-- Opening Marker --

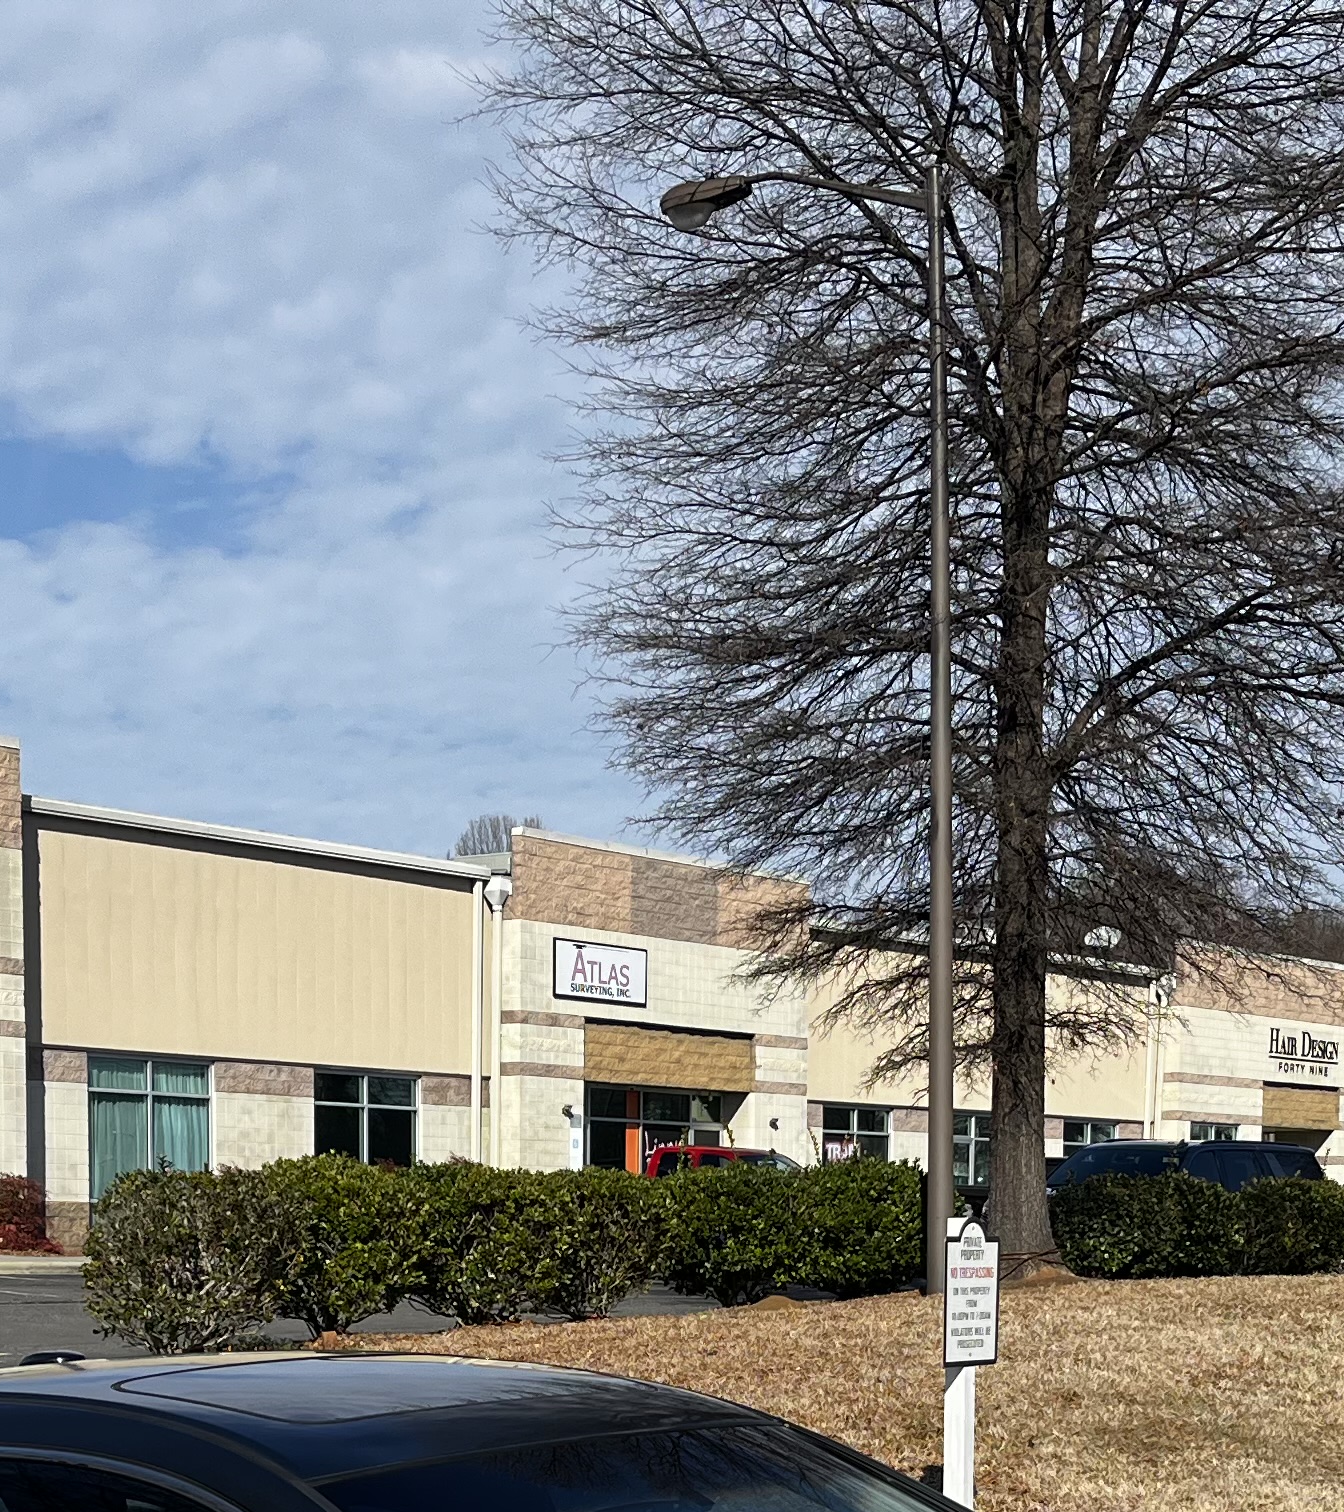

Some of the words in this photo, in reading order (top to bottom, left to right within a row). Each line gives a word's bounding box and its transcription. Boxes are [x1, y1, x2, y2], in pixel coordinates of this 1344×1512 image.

[571, 949, 631, 988] ATLAS
[570, 982, 615, 998] SURVEYING,
[1278, 1061, 1305, 1074] FORTY
[1309, 1065, 1329, 1077] NINE

-- Closing Marker --

Your objective: Without the pictures, write out the whole listing above exactly as it appears.

Expected answer:
Some of the words in this photo, in reading order (top to bottom, left to right within a row). Each line gives a word's bounding box and its transcription. Boxes are [x1, y1, x2, y2], in pixel coordinates of this 1344×1512 image.

[571, 949, 631, 988] ATLAS
[570, 982, 615, 998] SURVEYING,
[1278, 1061, 1305, 1074] FORTY
[1309, 1065, 1329, 1077] NINE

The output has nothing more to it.